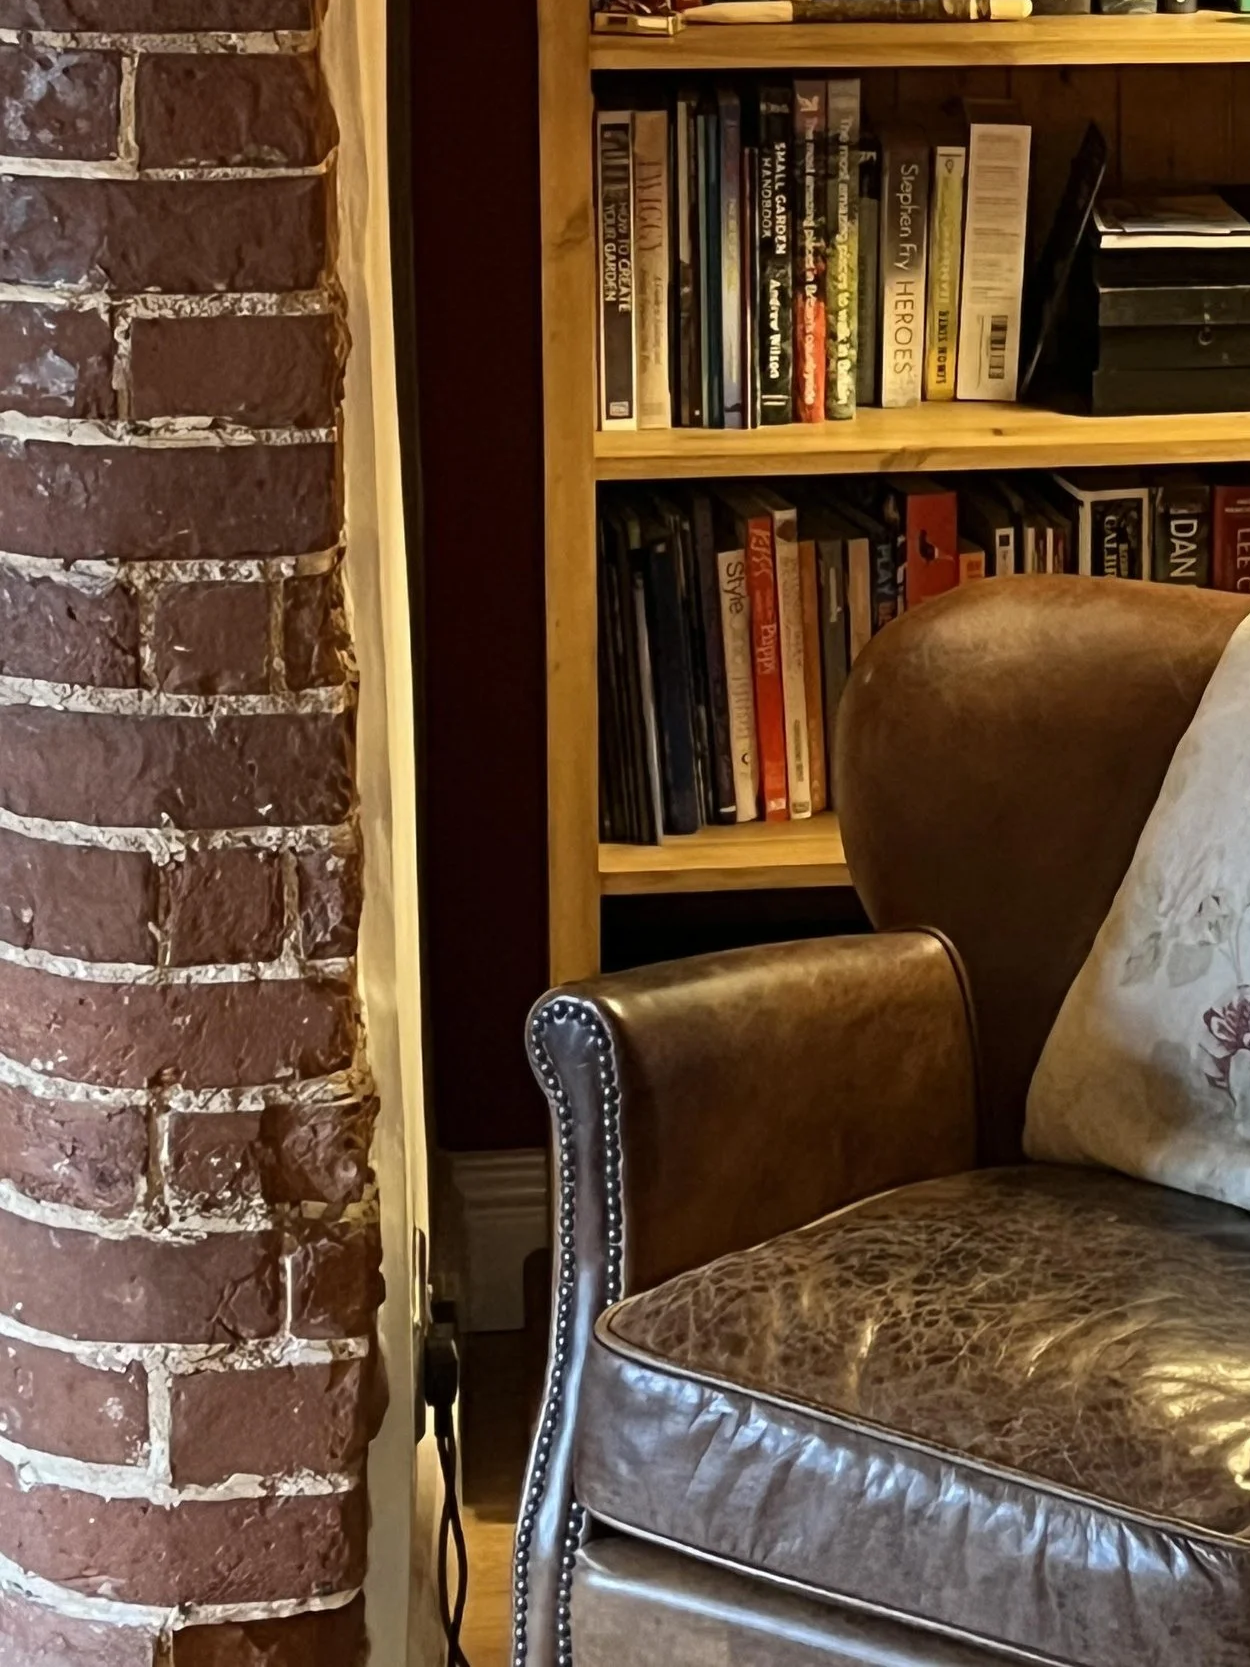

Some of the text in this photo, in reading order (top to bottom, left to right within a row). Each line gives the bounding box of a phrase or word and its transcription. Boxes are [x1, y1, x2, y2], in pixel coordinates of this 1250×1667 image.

[801, 116, 819, 142] The
[804, 142, 817, 173] most
[760, 157, 774, 239] HANDBOOK
[773, 142, 788, 255] SMALL GARDEN
[802, 175, 818, 227] amazing
[893, 163, 919, 271] Stephen Fry
[603, 242, 618, 302] GARDEN
[618, 238, 632, 255] TO
[802, 229, 818, 270] places
[834, 116, 852, 405] The most amazing places to walk in Britain
[617, 258, 633, 313] CREATE
[767, 278, 783, 379] Andrew Wilson
[892, 280, 915, 374] HEROES
[1169, 518, 1198, 578] DAN
[723, 561, 750, 615] Style
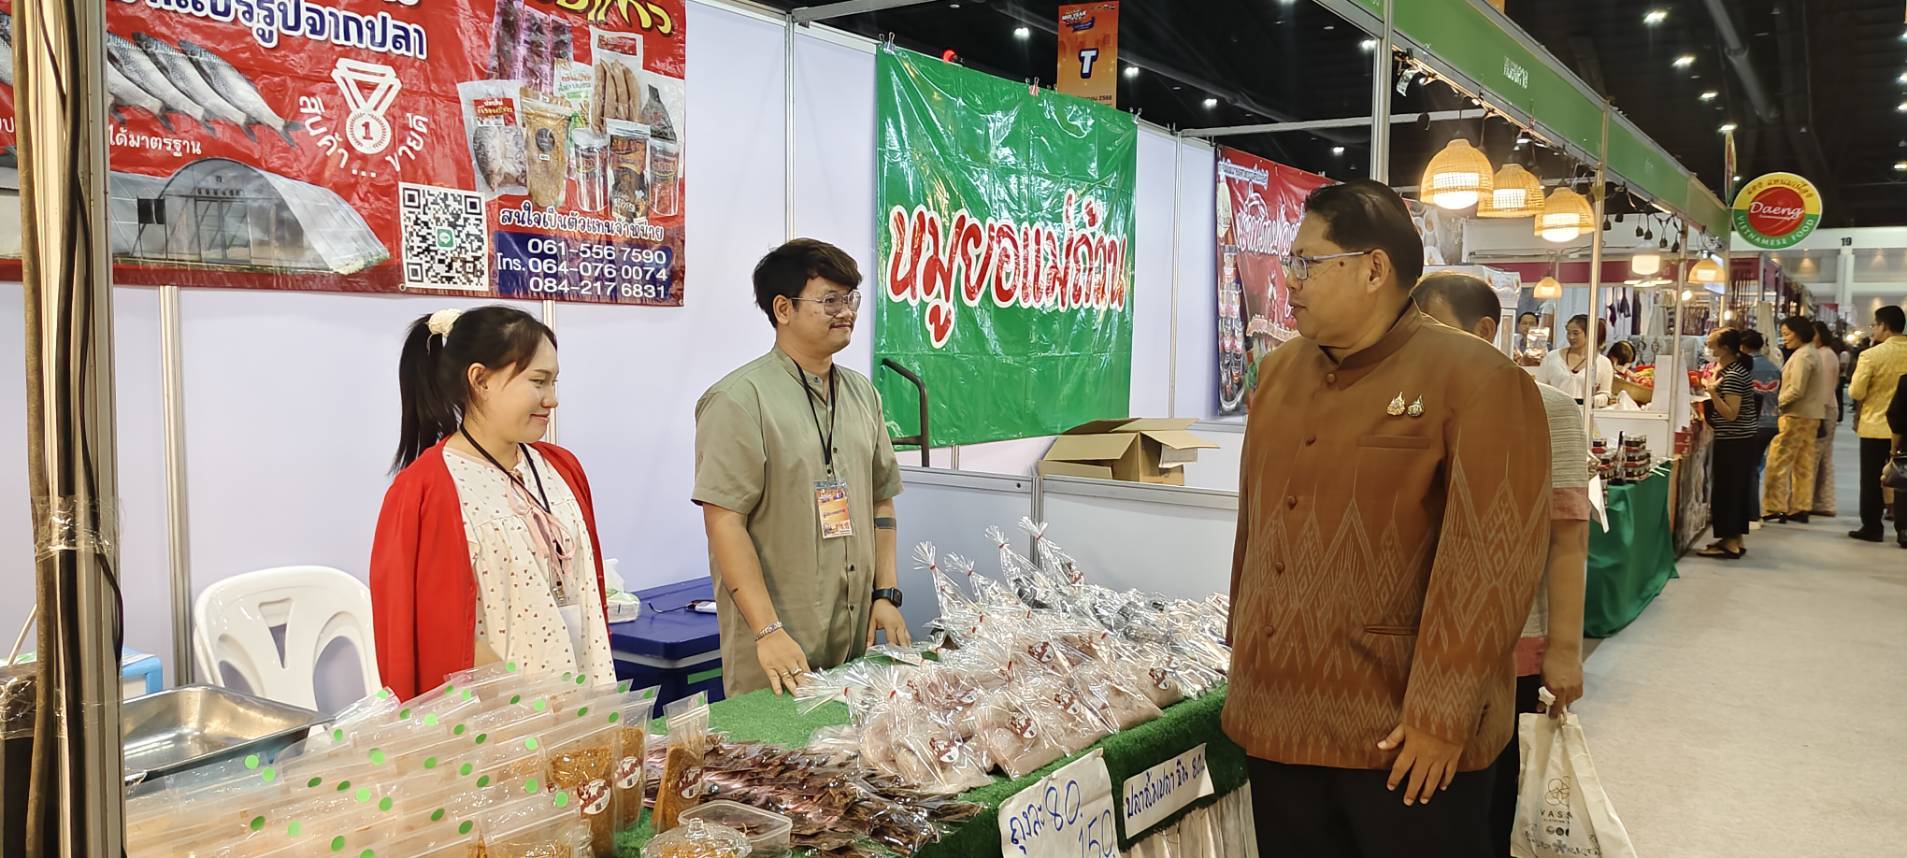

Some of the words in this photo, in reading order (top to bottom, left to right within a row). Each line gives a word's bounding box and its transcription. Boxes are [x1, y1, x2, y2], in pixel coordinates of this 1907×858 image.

[1079, 48, 1098, 78] T
[108, 124, 202, 157] ได้มาตรฐาน
[361, 121, 374, 141] 1
[499, 199, 665, 242] สนใจเป็นตัวแทนจำหน่าย
[1750, 201, 1804, 219] Daeng
[1737, 215, 1787, 245] VIETNAMESE
[1791, 219, 1814, 240] FOOD
[1841, 236, 1852, 246] 19
[527, 238, 616, 261] 061-556
[621, 248, 667, 265] 7590
[497, 252, 526, 272] โทร.
[528, 257, 617, 279] 064-076
[621, 266, 668, 282] 0074
[529, 277, 617, 296] 084-217
[621, 282, 666, 299] 6831
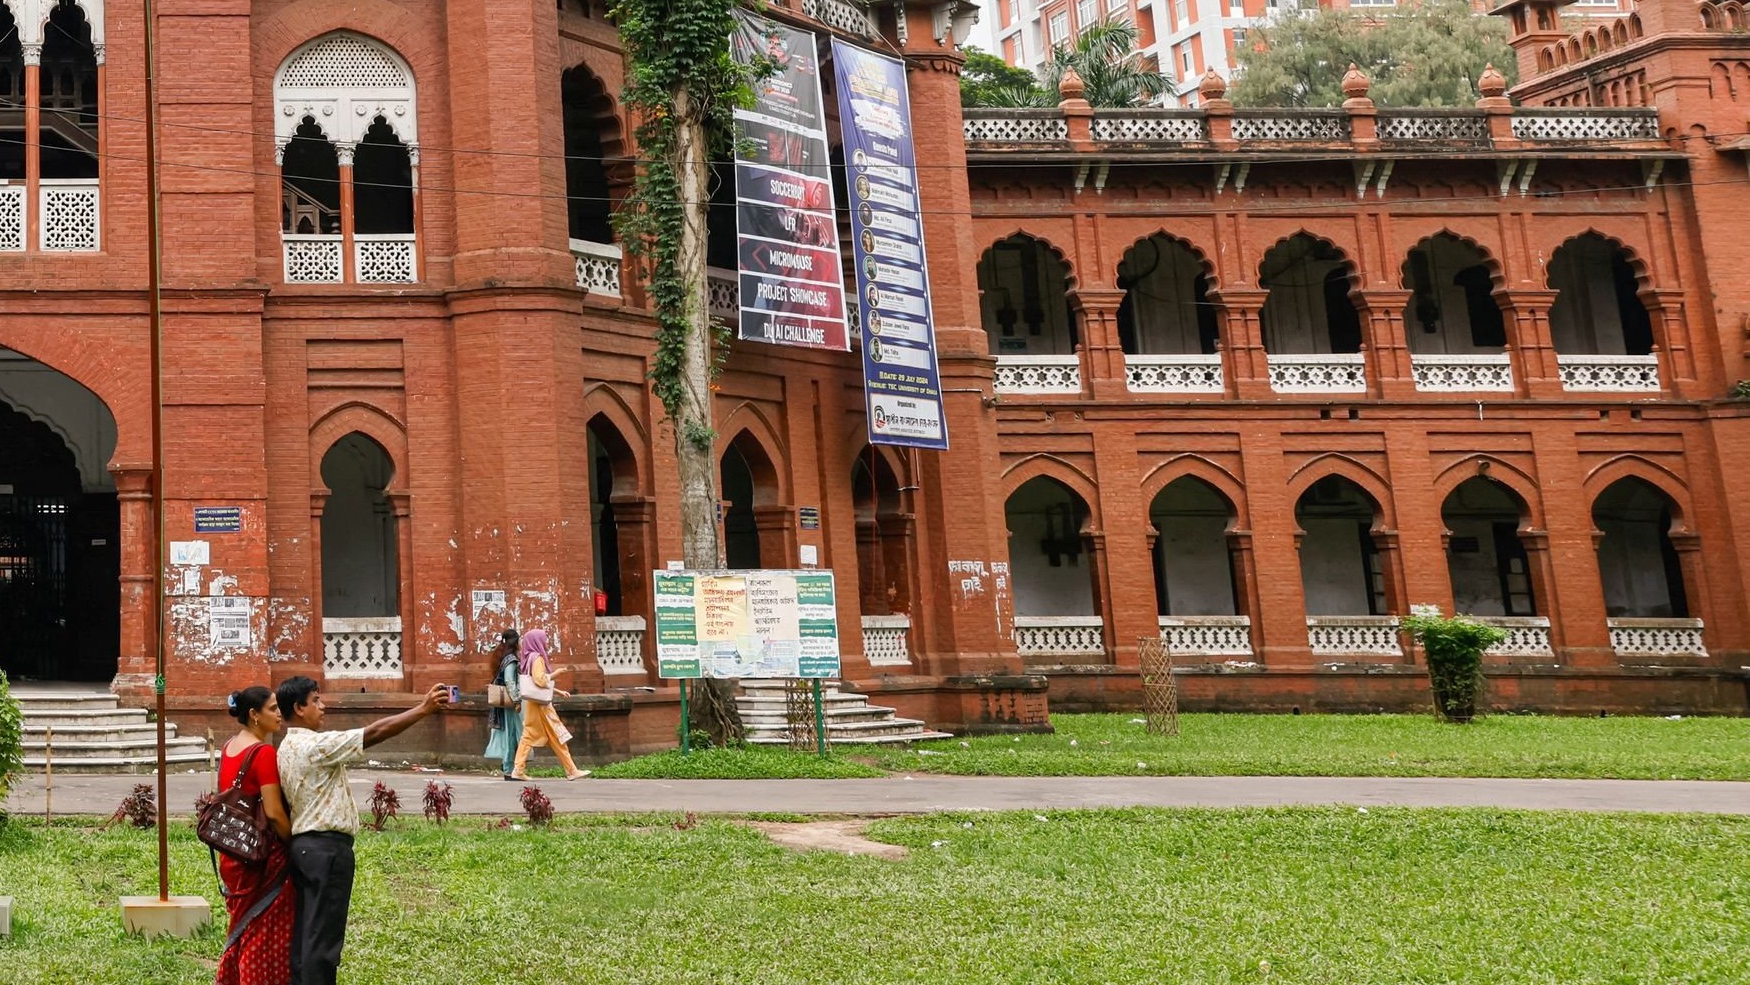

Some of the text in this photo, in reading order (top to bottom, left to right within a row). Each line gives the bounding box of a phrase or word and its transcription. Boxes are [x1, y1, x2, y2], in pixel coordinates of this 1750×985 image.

[784, 216, 796, 232] LFR
[769, 249, 813, 272] MICROMOUSE
[757, 282, 827, 307] PROJECT SHOWCASE
[784, 325, 825, 344] CHALLENGE
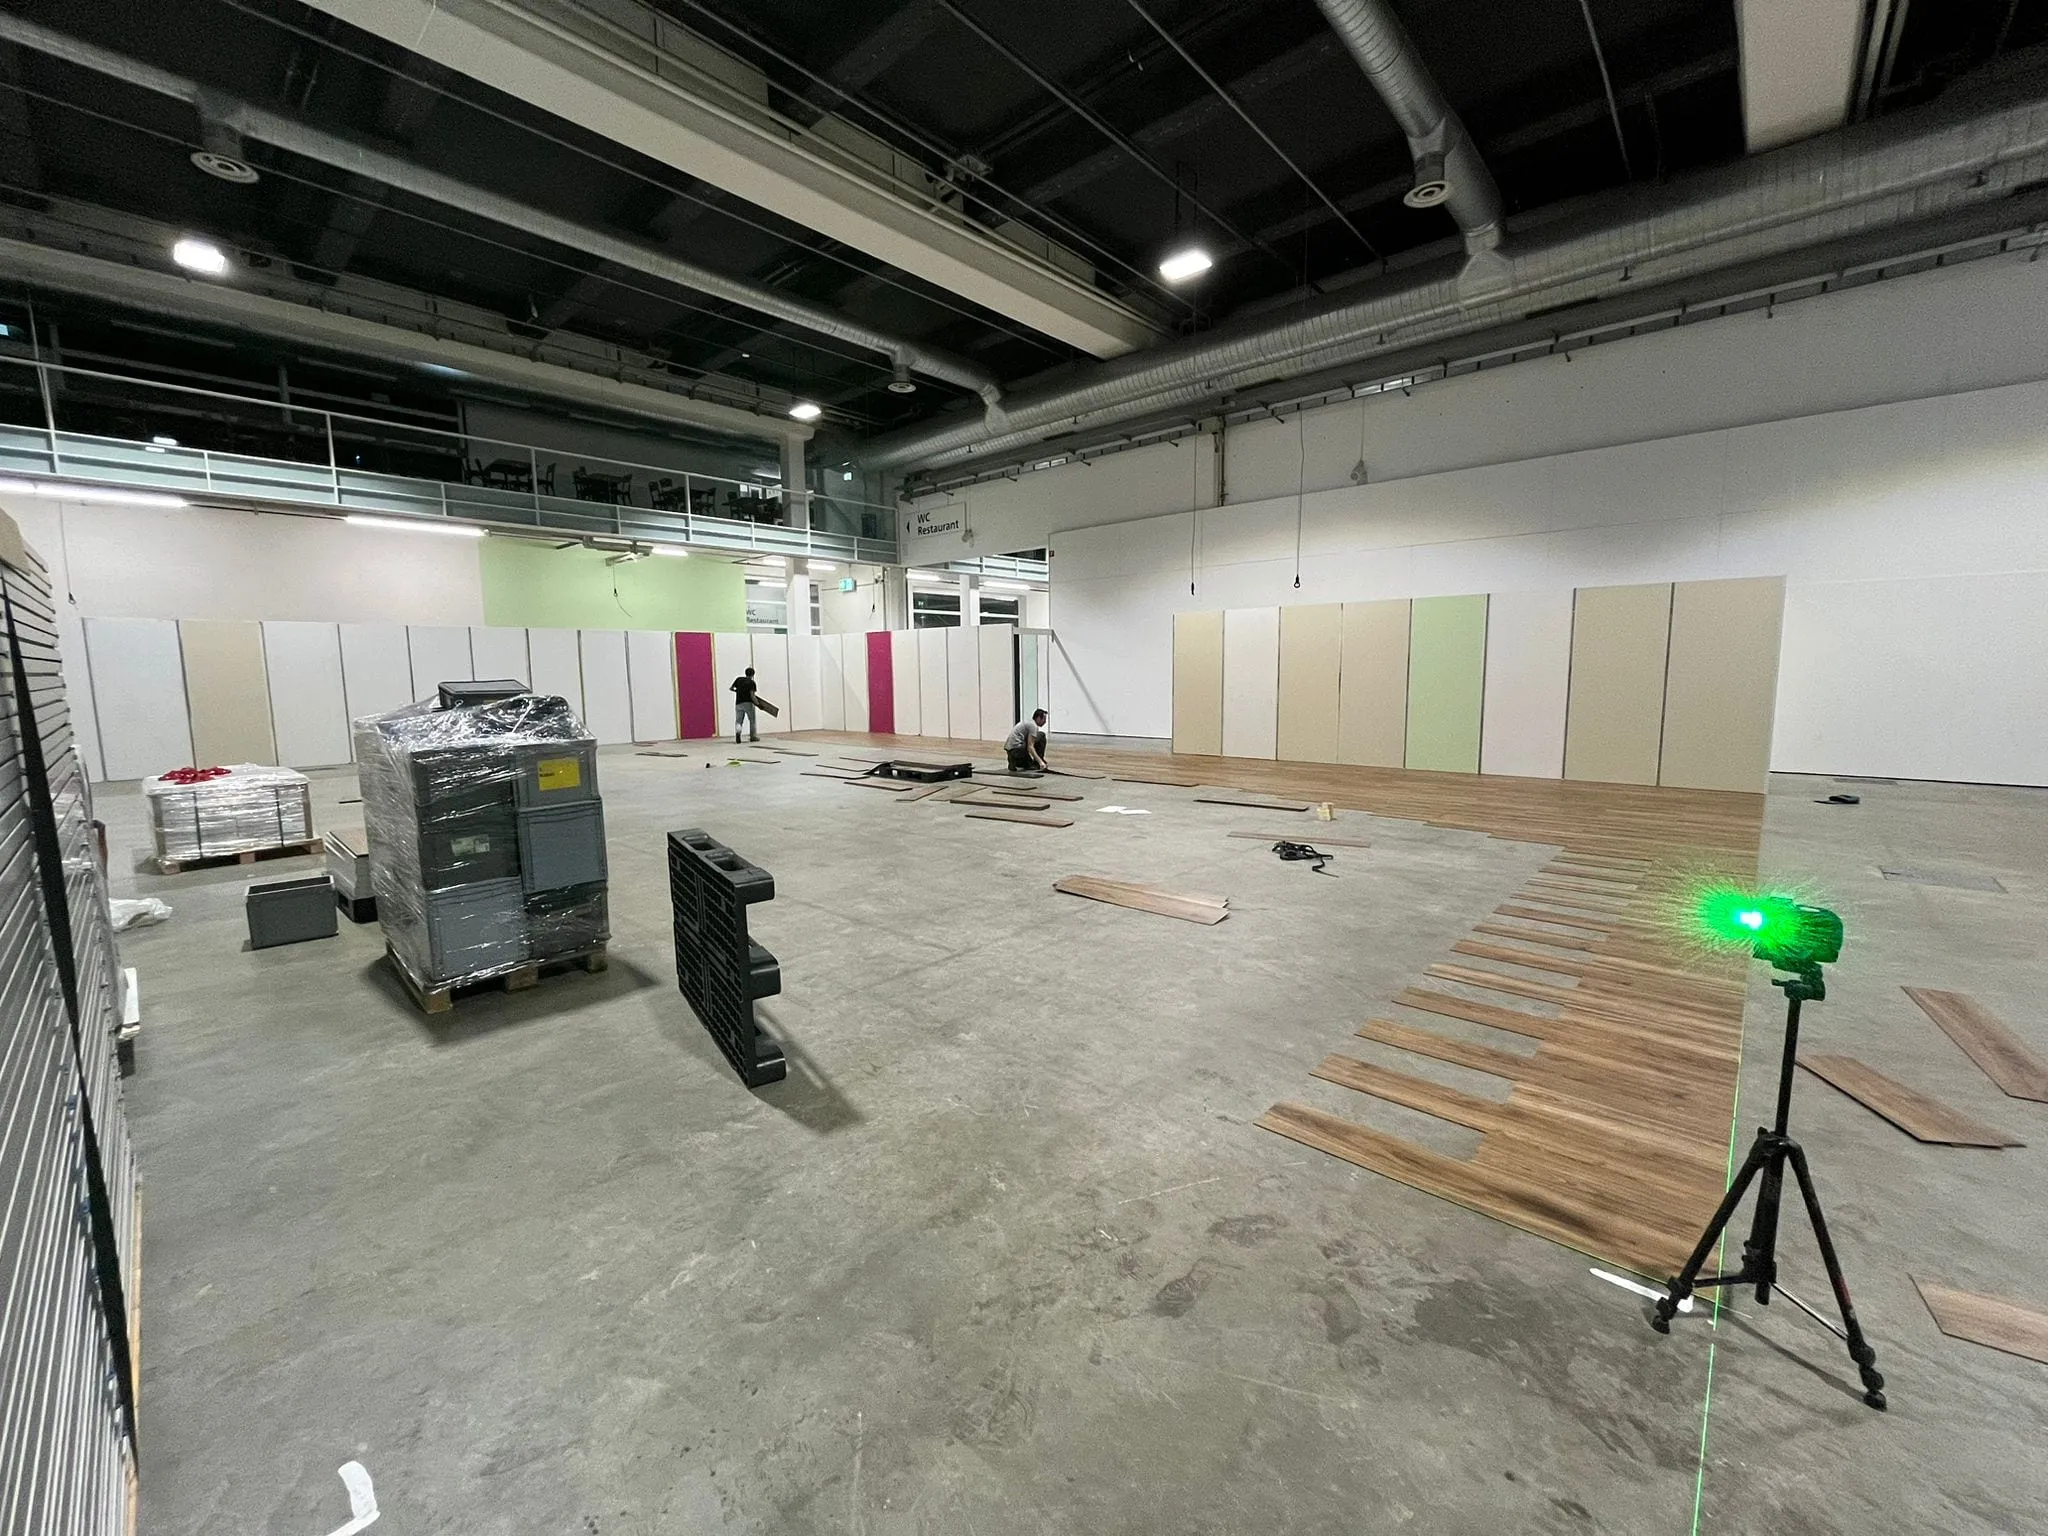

Activity: Could the data above be reproduced exactly, with the pictures left out?

Result for this exercise:
Some of the text in this photo, in reading order (top to bottom, left to right within a row). Each line gives the bounding box of a phrase or word and its transcription. Boxes are [x1, y1, x2, y2], in pixel coordinates of this 1250×1667 image.

[801, 116, 819, 142] The
[804, 142, 817, 173] most
[760, 157, 774, 239] HANDBOOK
[773, 142, 788, 255] SMALL GARDEN
[802, 175, 818, 227] amazing
[893, 163, 919, 271] Stephen Fry
[603, 242, 618, 302] GARDEN
[618, 238, 632, 255] TO
[802, 229, 818, 270] places
[834, 116, 852, 405] The most amazing places to walk in Britain
[617, 258, 633, 313] CREATE
[767, 278, 783, 379] Andrew Wilson
[892, 280, 915, 374] HEROES
[1169, 518, 1198, 578] DAN
[723, 561, 750, 615] Style

Some of the words in this photo, in reading order (top to bottom, left to right within a row). Each line gives a word's bounding box and its transcription. Boxes are [x1, y1, x2, y2], in pixel coordinates of this 1907×858 image.

[1079, 48, 1098, 78] T
[108, 124, 202, 157] ได้มาตรฐาน
[361, 121, 374, 141] 1
[499, 199, 665, 242] สนใจเป็นตัวแทนจำหน่าย
[1750, 201, 1804, 219] Daeng
[1737, 215, 1787, 245] VIETNAMESE
[1791, 219, 1814, 240] FOOD
[1841, 236, 1852, 246] 19
[527, 238, 616, 261] 061-556
[621, 248, 667, 265] 7590
[497, 252, 526, 272] โทร.
[528, 257, 617, 279] 064-076
[621, 266, 668, 282] 0074
[529, 277, 617, 296] 084-217
[621, 282, 666, 299] 6831

Some of the text in this photo, in reading order (top to bottom, left to right within a row). Each line gives the bounding box of a phrase or word and its transcription. Boxes are [x1, y1, x2, y2], in pixel coordinates of this 1750×985 image.

[784, 216, 796, 232] LFR
[769, 249, 813, 272] MICROMOUSE
[757, 282, 827, 307] PROJECT SHOWCASE
[784, 325, 825, 344] CHALLENGE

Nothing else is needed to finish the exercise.